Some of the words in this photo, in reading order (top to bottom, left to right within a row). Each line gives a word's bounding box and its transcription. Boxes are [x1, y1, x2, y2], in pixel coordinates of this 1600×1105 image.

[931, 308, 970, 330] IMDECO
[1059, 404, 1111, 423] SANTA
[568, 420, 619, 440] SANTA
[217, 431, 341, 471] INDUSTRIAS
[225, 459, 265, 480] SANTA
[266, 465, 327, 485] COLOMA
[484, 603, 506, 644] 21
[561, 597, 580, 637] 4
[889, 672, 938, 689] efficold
------------------------------------------------
◆ **Task instructions**: Repeat the material above in full so that each line matches the original exactly.

◆ **Result below**:
Some of the words in this photo, in reading order (top to bottom, left to right within a row). Each line gives a word's bounding box and its transcription. Boxes are [x1, y1, x2, y2], in pixel coordinates of this 1600×1105 image.

[931, 308, 970, 330] IMDECO
[1059, 404, 1111, 423] SANTA
[568, 420, 619, 440] SANTA
[217, 431, 341, 471] INDUSTRIAS
[225, 459, 265, 480] SANTA
[266, 465, 327, 485] COLOMA
[484, 603, 506, 644] 21
[561, 597, 580, 637] 4
[889, 672, 938, 689] efficold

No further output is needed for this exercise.